Responding to COVID-19: Interview Series

MHE aims to provide helpful information to as many people as possible on how communities, including experts by experience, service providers, mental health leaders, governments and policy makers, researchers and others, can support people efficiently through the current crisis and beyond.

 

In this interview series with MHE members and partners, we discuss the impact of the pandemic on their lives and work and which measures they are taking or can be taken to cope with the situation. These testimonies underline the importance of putting mental health higher on the European agenda, during the crisis and afterwards, while offering a personal side and shared expertise for people within the mental health sector, decision makers, and anyone interested in improving mental health for all.

Interview with Louise Christie, Acting Director of the Scottish Recovery Network, Scotland

What impact has the COVID-19 pandemic had on your organisation until now?

Scottish Recovery network is a small national organisation promoting and supporting recovery approaches. Much of our work was focused on bringing people together at conversation cafes and other events to discuss recovery, learn together and develop and plan new initiatives. This work ended suddenly and our focus has been on maintaining contact with our informal networks through social media, our website, regular emails and phone calls and zoom meetings. In addition, we planned and delivered a programme of online conversation cafes which brought people together to discuss staying well during the lockdown. Moreover, we supported partner organisations across Scotland to deliver their recovery projects and approaches using online platforms

Our focus has been on maintaining contact with our informal networks through social media, our website, regular emails and phone calls and zoom meetings

How have you arranged things in order to safeguard your employees’ physical and mental health?

We are a small team of six and are all working from home. We have team meetings twice a week and catch ups and have used a project team approach for all our work. This has reduced isolation and helped us all to feel connected.

With the gradual lift of restrictions, how is your organisation adapting to the new reality?

We have been using the time to develop new resources to support recovery activities and to assist groups, organisations and services to develop a blend of face-to-face and online approaches to meet the needs of different groups as the restrictions are lifted. We have also been collecting experiences of delivering peer support online with a view to sharing them more widely and providing support and guidance in the future. This will include developing our Peer2Peer training resources to be delivered online or using a blend of face-to-face, self-directed and online learning.

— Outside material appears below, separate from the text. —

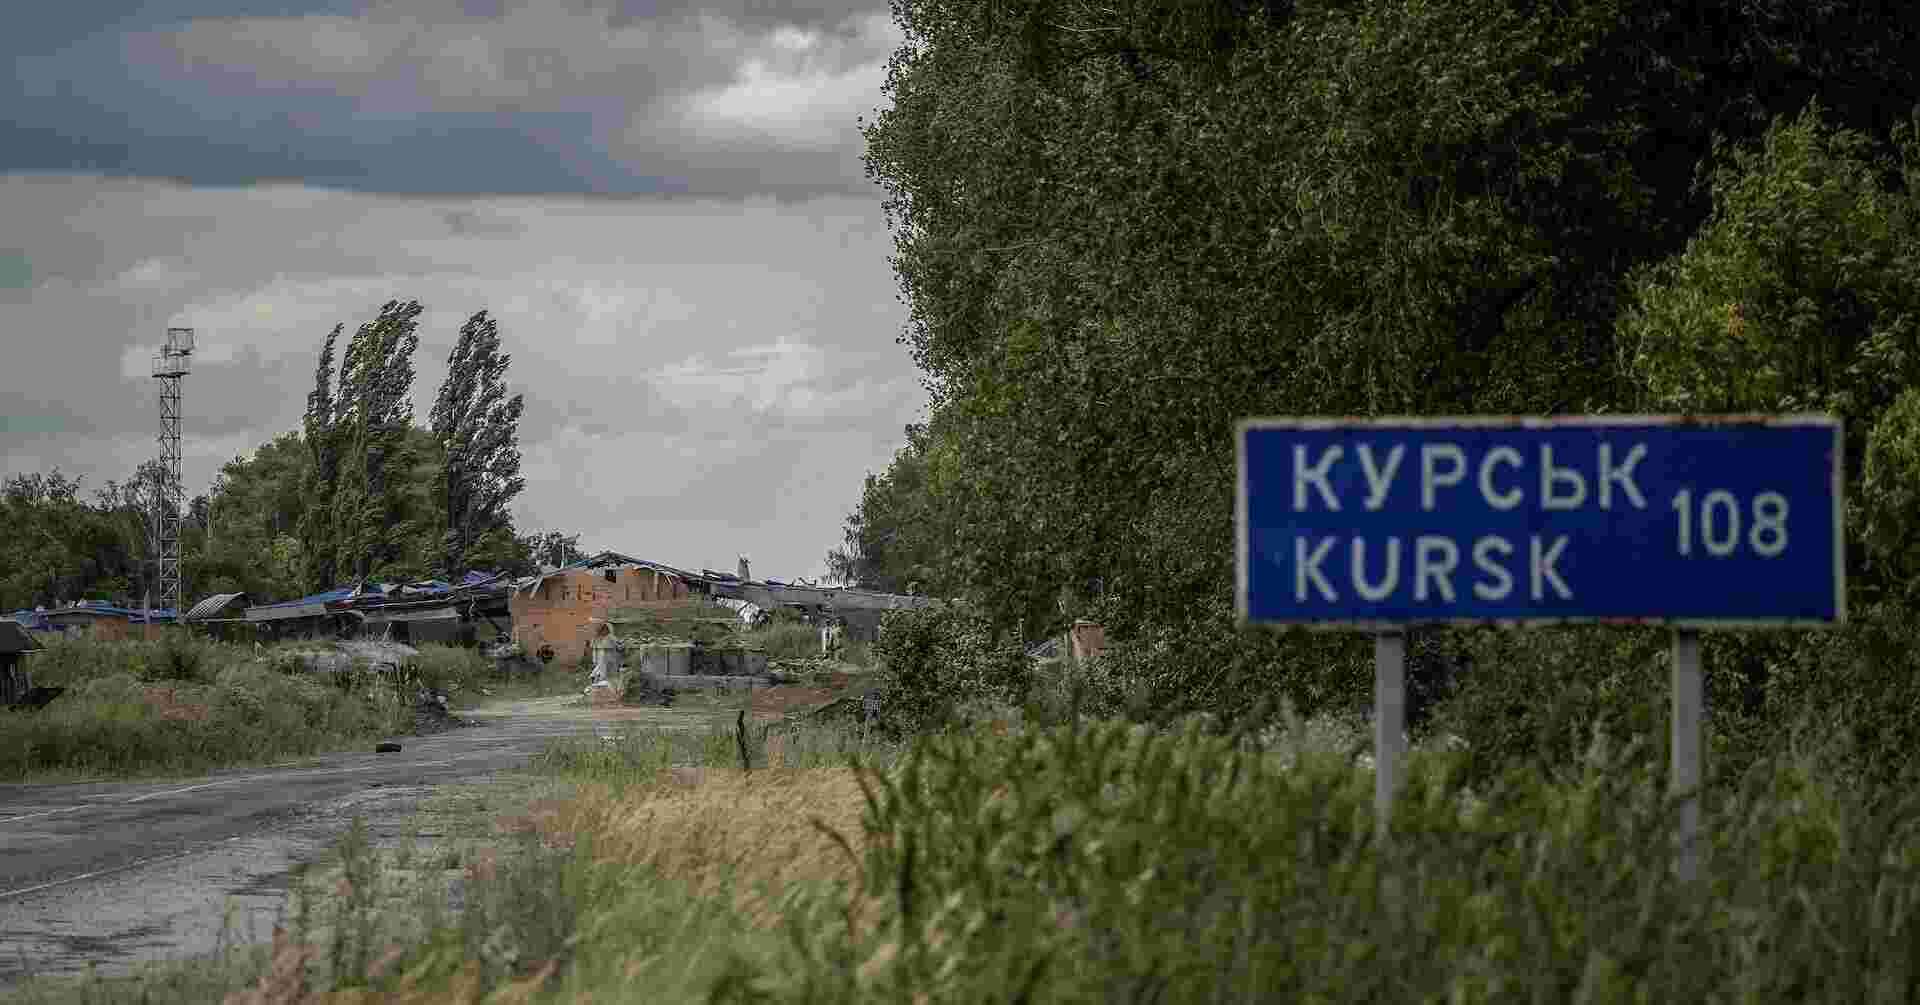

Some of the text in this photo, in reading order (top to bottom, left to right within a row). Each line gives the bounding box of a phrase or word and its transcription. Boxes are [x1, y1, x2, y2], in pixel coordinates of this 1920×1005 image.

[1292, 443, 1647, 511] КУРСЬК
[1671, 488, 1790, 557] 108
[1294, 534, 1573, 602] KURSK

We have been using the time to develop new resources to support recovery activities face-to-face and online

What would further help your organisation, especially in terms of investments and policy support?

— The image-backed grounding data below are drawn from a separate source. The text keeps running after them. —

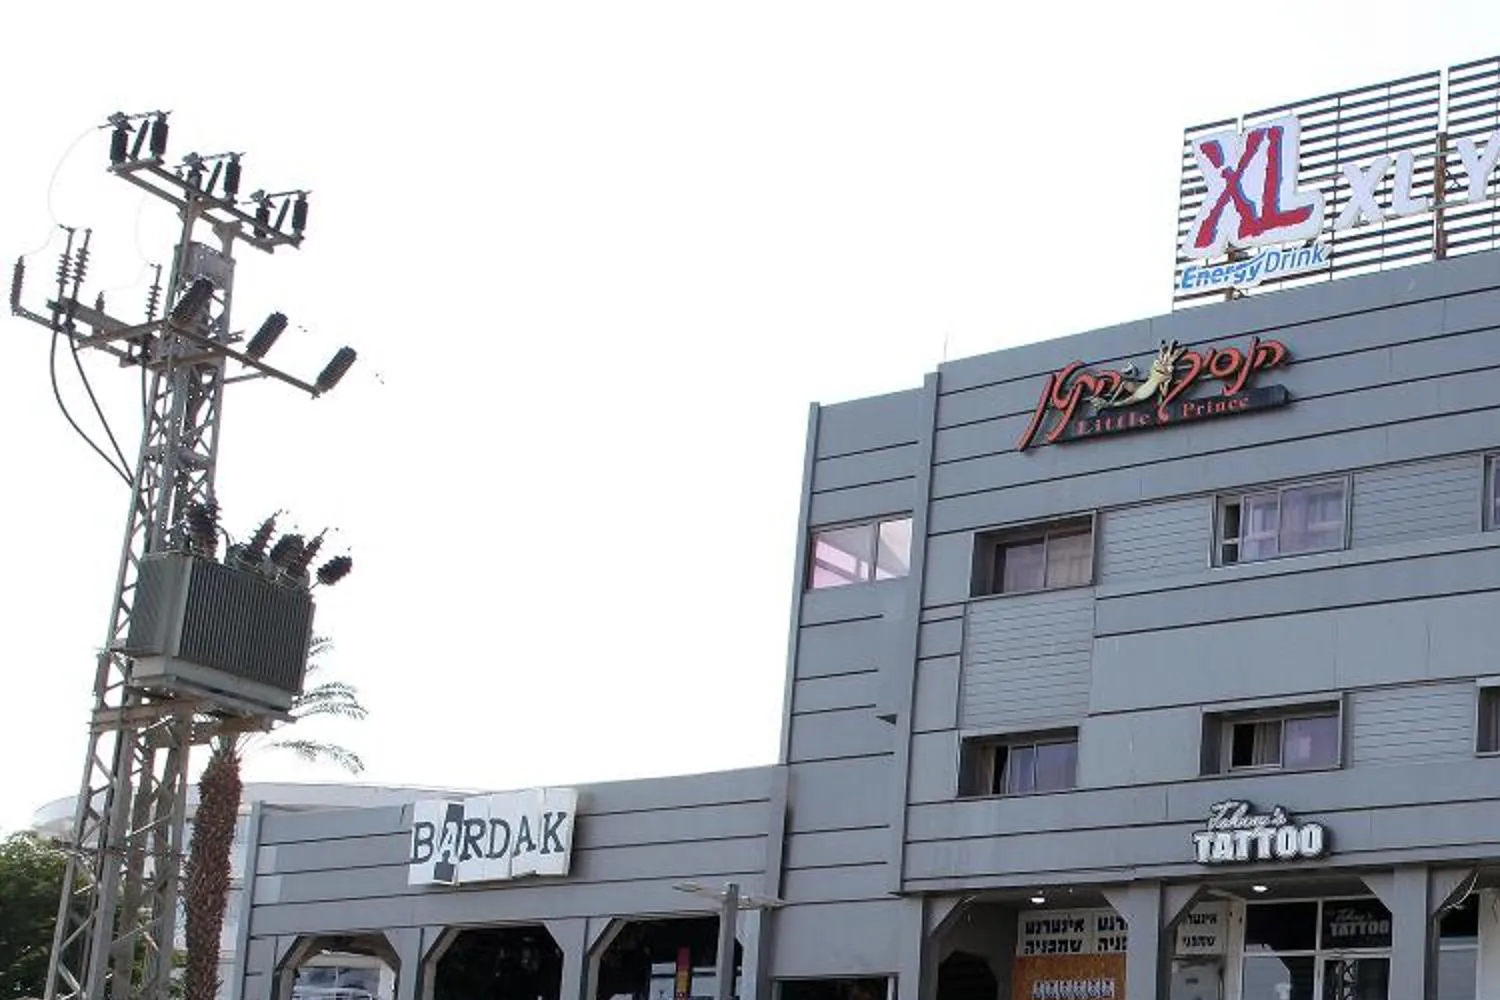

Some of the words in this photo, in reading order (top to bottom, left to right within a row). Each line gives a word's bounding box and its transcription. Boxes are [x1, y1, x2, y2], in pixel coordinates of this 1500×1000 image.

[1190, 122, 1321, 252] XL
[1334, 150, 1430, 231] XL
[1181, 254, 1265, 289] Energy
[1264, 247, 1326, 273] Drink
[1076, 411, 1151, 435] Little
[1182, 397, 1250, 418] Prince
[411, 806, 567, 876] BARDAK
[1193, 823, 1324, 863] TATTOO

Our funding is currently only until 31 March 2021. We hope to get a longer-term commitment (i.e. three years) to funding our activities before then. We are advocating for a stronger commitment to recovery and lived experience in government policy. This crisis is an opportunity to effect positive changes in the way mental health is viewed and supported. For us this would include a more explicit acknowledgement of the reality of recovery in Government policy, messaging and service provision and a commitment to listen to and act on lived experience including investment in new peer support roles and services.

What are your key learnings from this situation?

That we, and others, can adapt and change. It is not always easy but our capacity for change is much higher than we think. There are many ways to engage with people and while we look forward to meeting people face-to-face we will also continue to offer online opportunities for those who prefer this.

It is not always easy but our capacity for change is much higher than we think

Which positive changes has the pandemic brought for the mental healthcare sector?

In many areas NHS mental health services have been reduced on severely restricted but third sector and community-based services and activities have flourished. This has led to a range of new approaches including more peer support online, telephone peer support and peer-led learning. The alternative to medicalised, difficult to access services has developed much more quickly than before COVID-19. We now have more evidence of the ‘new future’ for mental health and wellbeing and increased confidence that the third sector can deliver effectively.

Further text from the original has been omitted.